Not pesto, refried beans, fried aubergines, mayonnaise, 2 hummuses, two recipes for boiled egg (one hard, one soft which seems a bit cheaty, surely that's one recipe?) granola and muesli amongst other things. It maybe a nice idea to make labneh, but like pesto, granola and mayonnaise it's not an essential 100 recipe when you're locked down, limited deliveries with children and working from home. Or even essential now, when for most of Europe everything is just about back to normal. Clearly food for those friends of hers who never see their own kids because they are, as she wrote dropped off and picked up in their jammies from the child minder's and can't manage to order a food shop. Whom I have no doubt, like the rest of us would have been too busy working, child minding and home schooling to have the time or interest to make mayonnaise or granola. It's the stuff they expect to get made for them when out. So I went from thrilled and then disappointed to get this book when I found it's for accountants when they want to show off. Not actual people who want to eat. She's even got menu's at the back to help them figure out what to serve as a multi course meal, clearly not daily home cooking fare. No wonder the price dropped from £22.00 (hard back) to £7.19 and kindle £9.99 to £2.99 whereas her forgotten skills book is, many years on still £23.99.

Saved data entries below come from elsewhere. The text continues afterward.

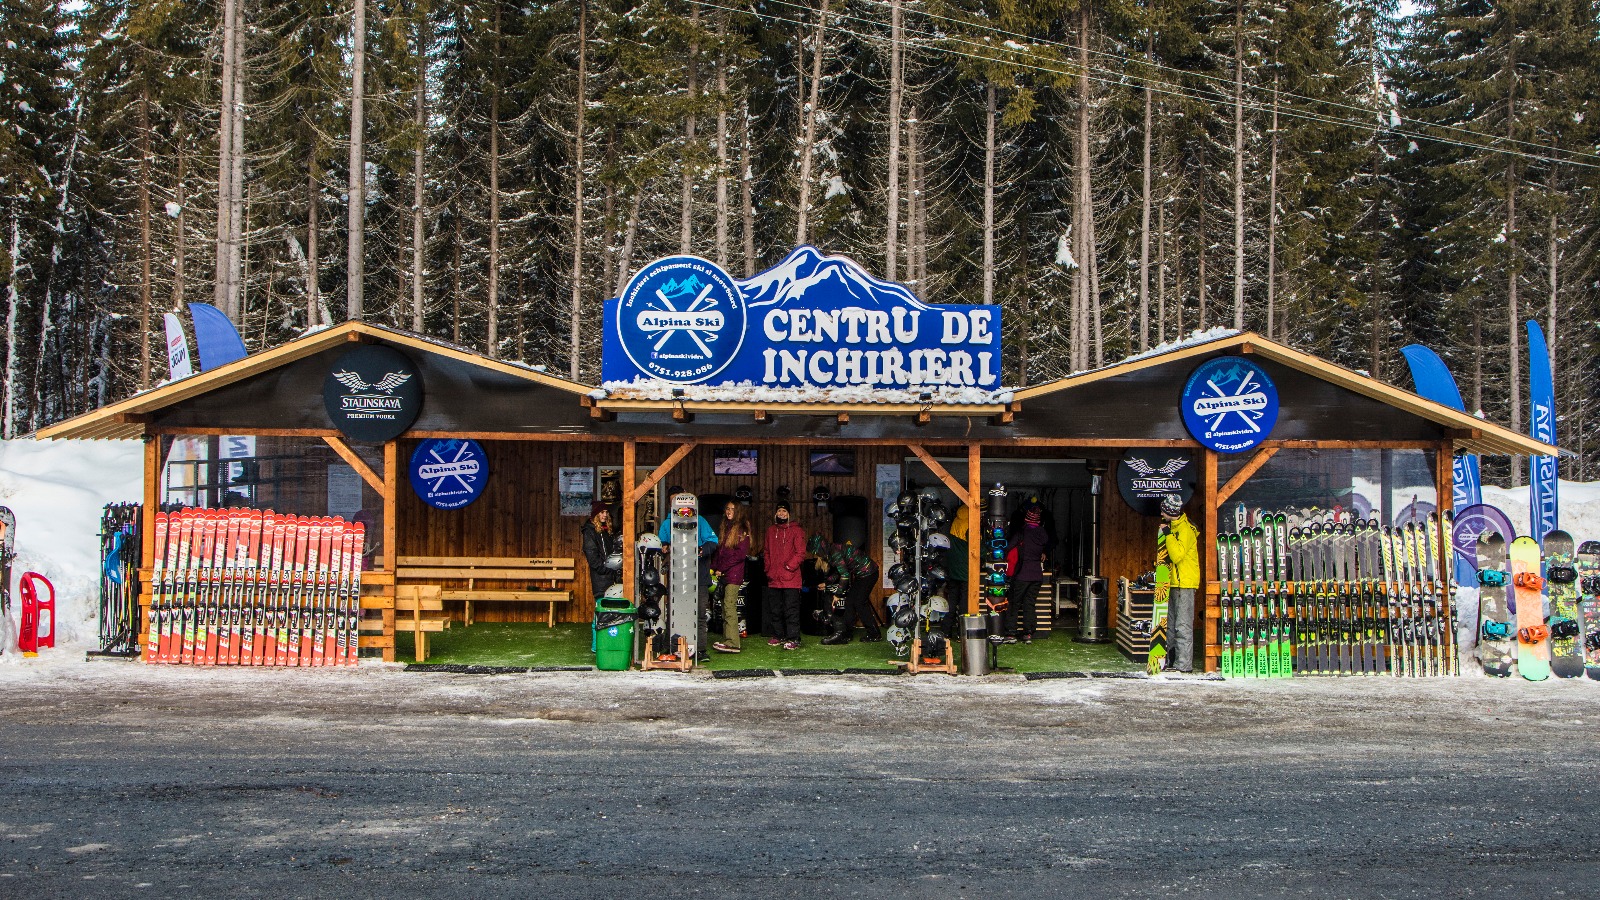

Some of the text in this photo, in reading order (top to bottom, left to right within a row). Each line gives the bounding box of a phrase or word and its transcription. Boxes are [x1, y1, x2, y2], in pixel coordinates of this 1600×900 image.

[650, 263, 692, 277] echipament
[692, 264, 705, 272] ski
[712, 273, 738, 309] snowboard
[642, 317, 720, 328] Alpina Ski
[763, 308, 993, 344] CENTRU DE
[648, 362, 713, 378] 0751.928.086
[762, 349, 996, 385] INCHIRIERI
[342, 397, 402, 409] STALINSKAYA
[1196, 396, 1266, 410] Alpina Ski
[421, 466, 457, 475] Alpina
[1132, 480, 1181, 489] STALINSKAYA
[1265, 525, 1274, 567] HEAD
[1277, 525, 1286, 567] HEAD
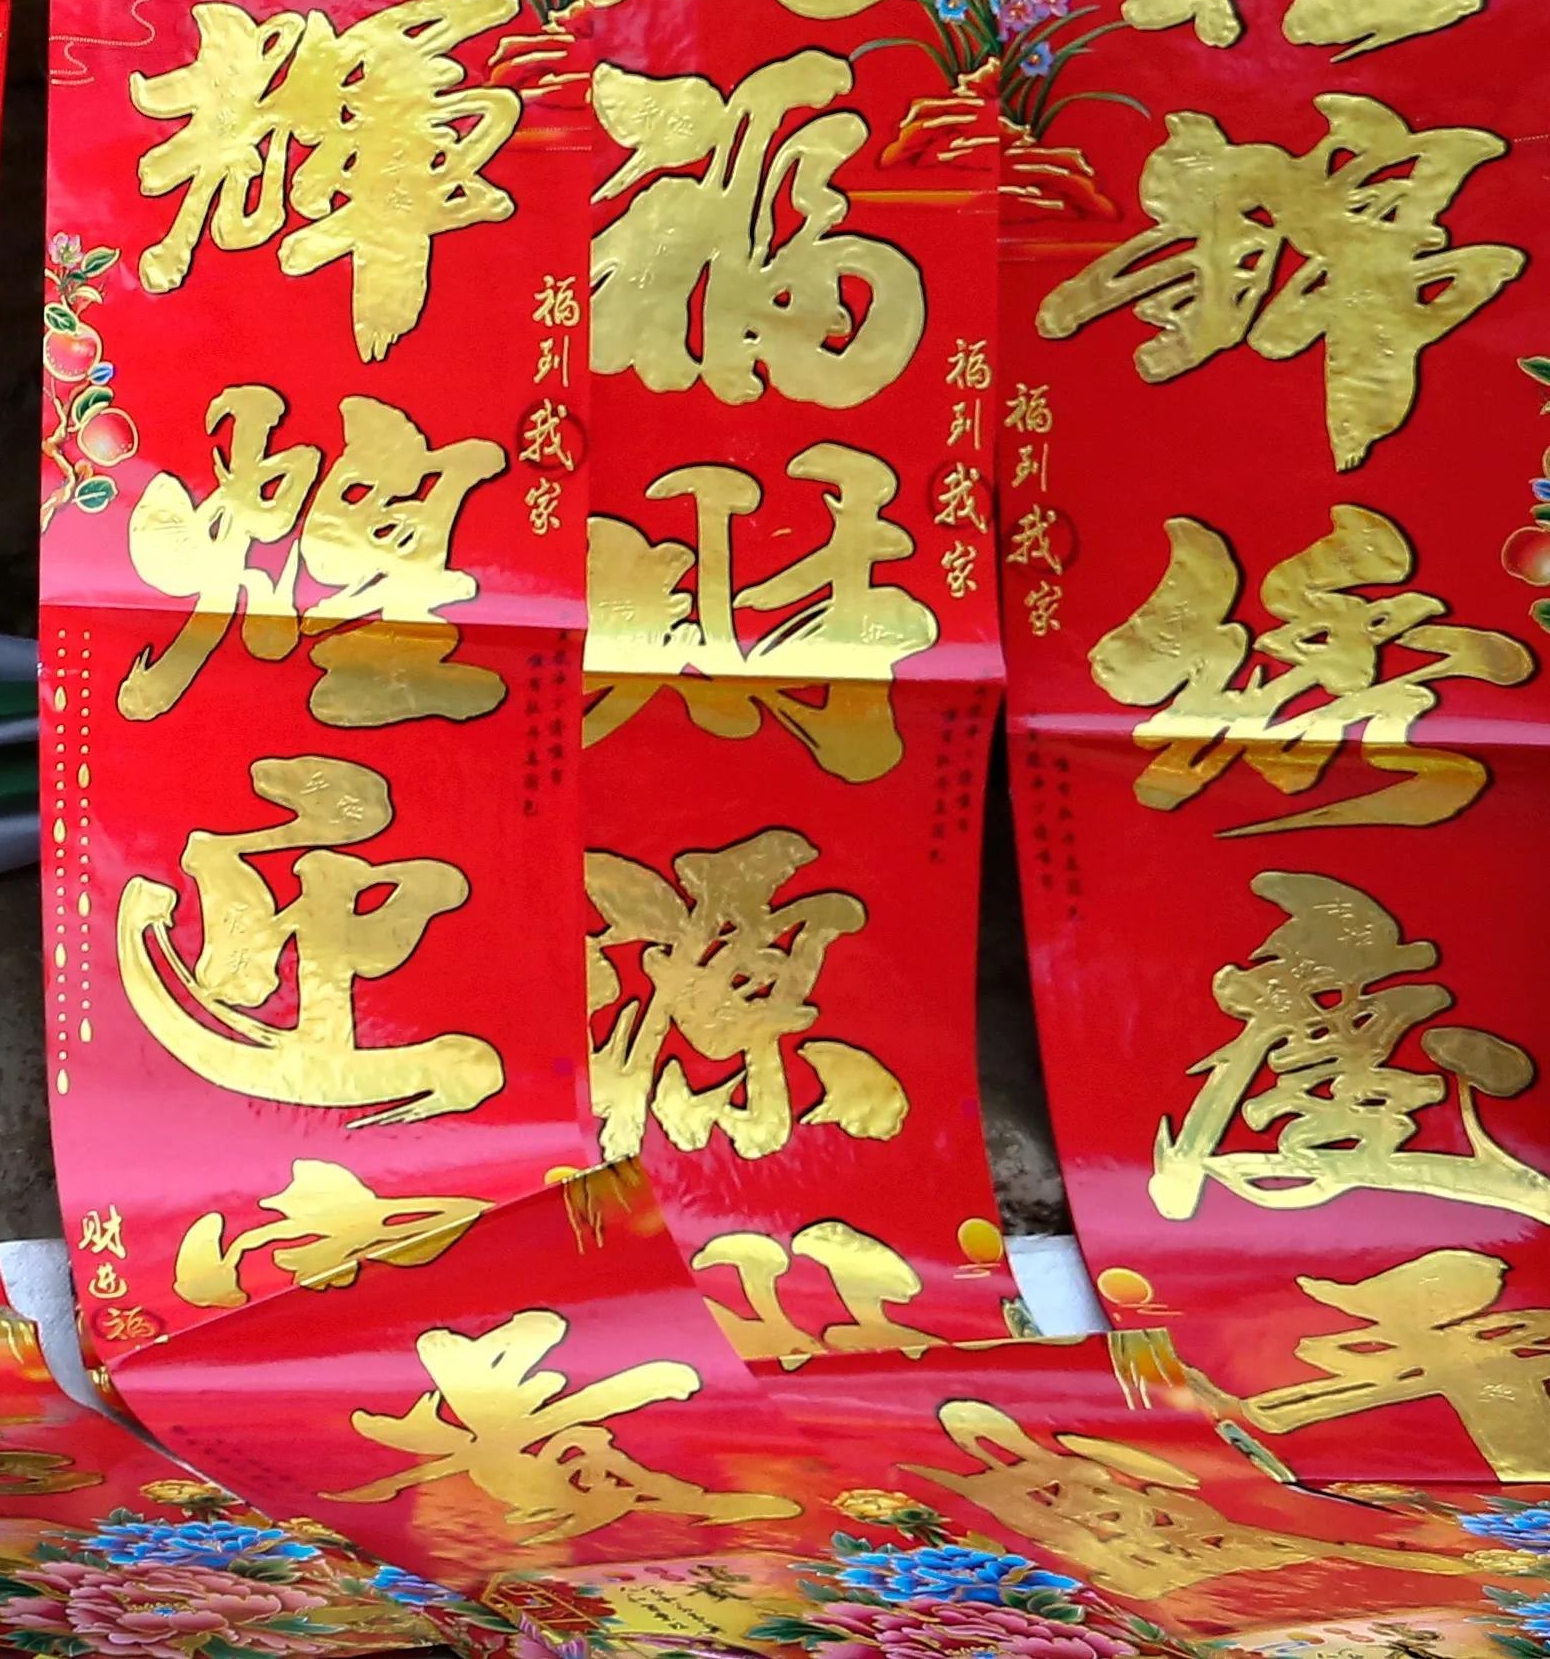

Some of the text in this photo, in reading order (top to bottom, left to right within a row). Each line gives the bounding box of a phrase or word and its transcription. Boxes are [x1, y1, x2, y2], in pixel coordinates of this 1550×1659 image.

Also in her great to have items are a deep fat fryer and pasta maker? There's several good reasons why pasta makers fill up, not only charity shops, but fill up with dust in cupboards. There was a shortage of pasta at the start of the pandemic, but not now and if you can't cook for yourself or don't regularly have to do so, maybe just buy a packet of pasta rather than exploring a fad and cluttering up your cupboards with ingredients and equipment and don't buy a deep fat fryer, that's how you invite getting a visit from the fire brigade. I'm kicking on for 40 years, cooked for myself from scratch for 2/3rd of that and have needed neither so far (also no space). Nor have I felt the need to fry aubergines but if aubergines have to happen Imam bayildi would suffice. I'm also thinking if you can't put in a food shopping order, you have no business ordering a deep fat fryer, figure out online shopping and buy oven chips or learn how to boil some potatoes (she included a recipe for mashed potato which seems excessive given the internet never went down). If you are a normal person in a normal household you're unlikely to have the time and energy to make pasta. If you are fancy multinational company running CEO, are "able to run the country", but can't do a food shop, you definitely don't have time to make pasta, labneh, hummus, pesto, granola or muesli. Maybe just settle for some recipes on how to bung the ingredients for a casserole into a slow cooker so it'll be ready later on in the evening. Or is this for their au pairs to cook for them?
She should have followed the lead of a pair of hirsute biking men whose book I was not planning to buy until I read their synopsis. They messaged their fans what are your favourite and workhorse recipes you cook and eat on a regular basis? Then put out a book about those, things people actually cook and eat.
Very disappointed, she's lost touch and run out of ideas.